Some of these pieces have survived over the years—small fragments of a much larger story. Together they offer a glimpse into the daily reality of a sailor crossing the Pacific before the age of modern navigation.

Journal Pages from the Pacific Voyage

Journal entry of the storm along the California coast

Journal entry of 1st attempt leaving Hawaii - having to bail water throughout day & night

Journal entry of sails used and coordinates

Journal entry of Doldrums (deadly zone) & porpoises playing around Rhiannon

Journal entry marking the crossing of the Equator

Journal entry describing the sighting of land after weeks at sea

SCUBA Diving Newspaper coverage

Newspaper article highlighting Alvin and Sherri Smothers’ scuba diving achievements, with their son Terry pictured demonstrating diving equipment and a paddleboard.

Newspaper photo from a spearfishing championship showing Alvin Smothers (top row, second from left) in the men’s division and Sherri Smothers (bottom row, second from right) winning 1st place in the women’s division.

Certificate & Record

North American Record certificate for Sherri’s 20lb 12oz Cabezon — Sept. 20, 1969

Photographs of Sailing and Scuba Diving

Sherri, Alvin and Terry in Scuba gear - 1966

Rhiannon completed, getting ready to be moved from our property to the Columbia River - 1976

Tammy (L), Me-Elaine (M) and Sherri (R) arriving at Victoria, British Columbia - 1976

Alvin (at helm), Jimmy (middle deck) & Terry (Bow) - Sailing around the San Juan Islands, British Columbia

Beautiful sunset Bora Bora in the distance - French Polynesia

Alvin relaxing on Rhiannon bananas hanging on the lines. Cooks Bay, Moorea - French Polynesia

Tribute

Even though I have not sailed in many years, my parents instilled in me their love of adventure, and it gave me many wonderful adventures of my own. Growing up, there was rarely a weekend when we were not doing something outdoors.

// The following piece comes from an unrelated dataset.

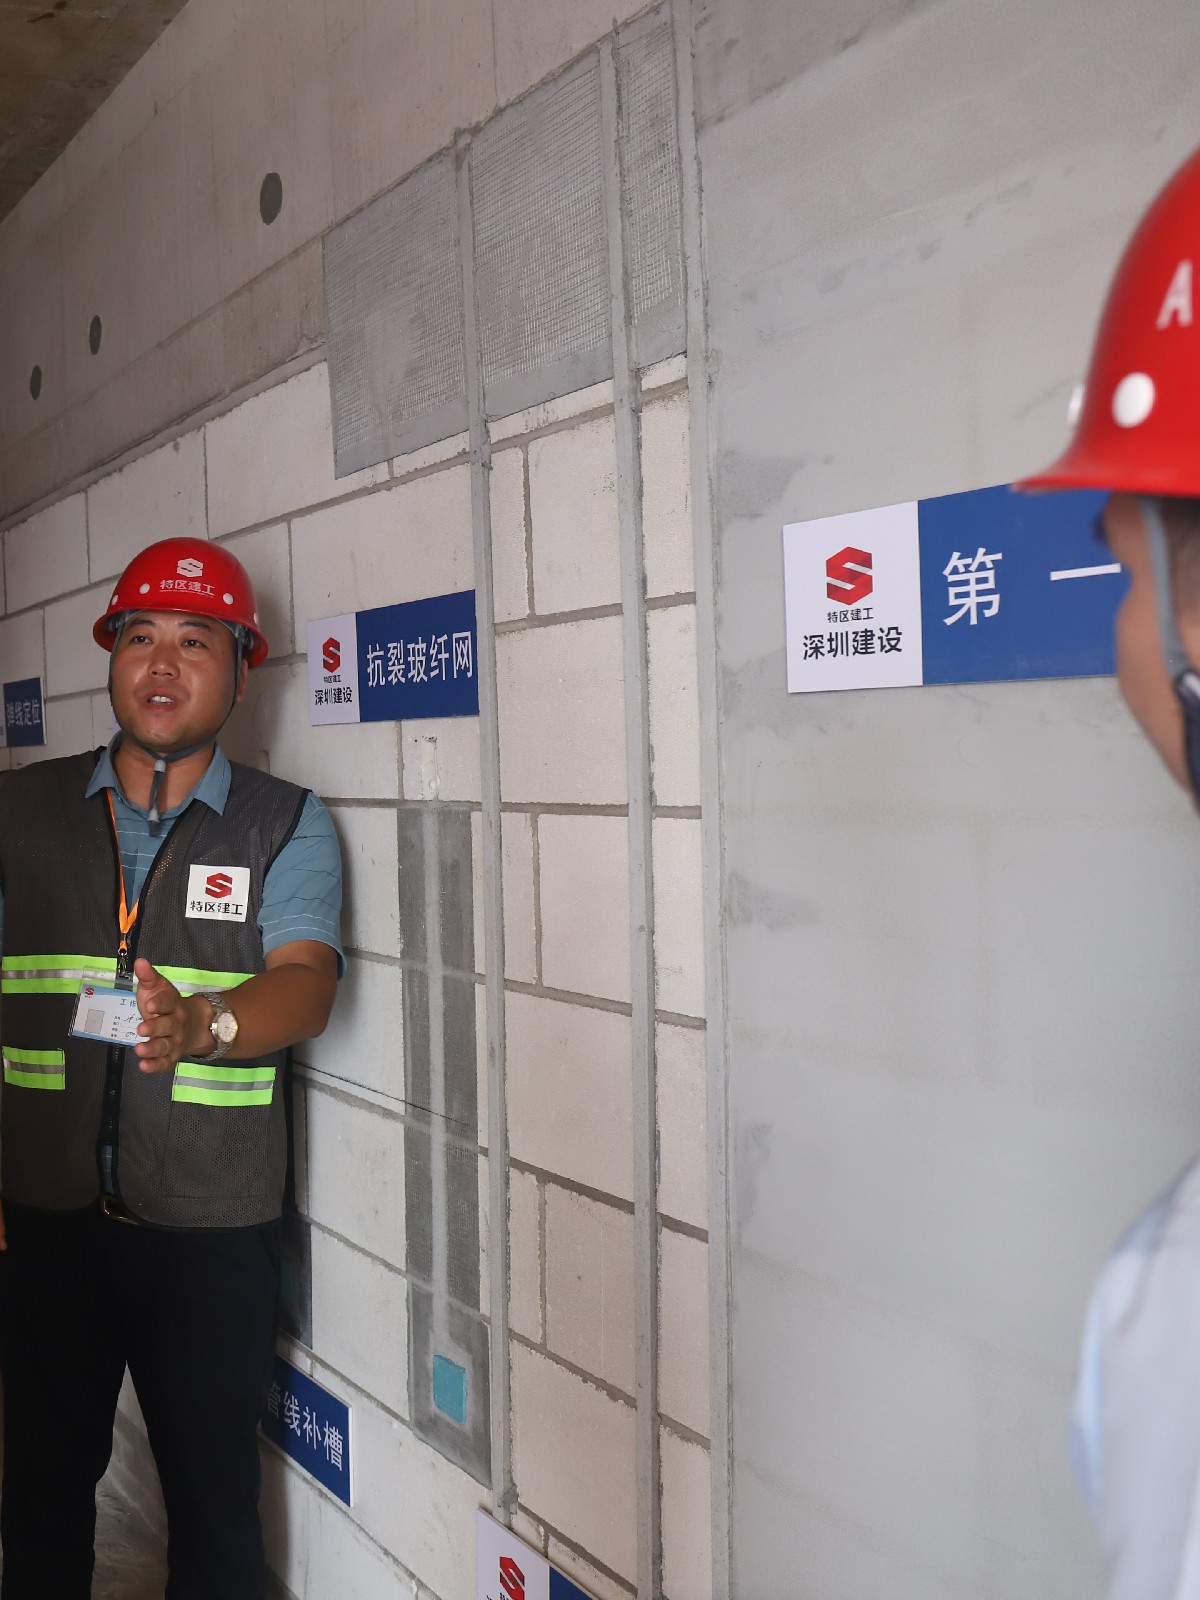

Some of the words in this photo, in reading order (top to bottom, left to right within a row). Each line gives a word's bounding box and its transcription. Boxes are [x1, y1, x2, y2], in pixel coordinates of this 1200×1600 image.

My father has long since passed, and with him many of the stories that might once have been told around a campfire. But the memories remain as vivid as if they happened yesterday. My parents taught me to appreciate the beauty of the landscape, to respect the sea, and never to take either one for granted.

Writing this story often felt like stepping back in time. When I imagine my father alone on the Pacific, I can picture him clearly—as if I were standing there beside him, hoisting the sails, adjusting lines to keep the sails from fluttering, etc. I can imagine the exhaustion, the loneliness, and the constant vigilance required to sail alone across such vast water. But I can also picture the warmth of the sun on the deck, the steady rhythm of the ocean, and the night sky stretching endlessly above him.

For many years I have wanted to share the voyage my father undertook across the Pacific Ocean. He navigated Rhiannon, across waters that were powerful and unforgiving. He knew every plank, every line, every sound of that vessel. At sea, when something broke or failed, there was no manual to follow—only experience, judgment, and ingenuity.

He was not fearless.
He was not heroic.
He was not invincible.

But he was an extraordinary man.

He prepared for years, trusted his work, and ultimately completed the journey he had set out to make.

I share my father’s voyage in honor of what he accomplished.

Elaine Edgel

He did not conquer the ocean — he endured it.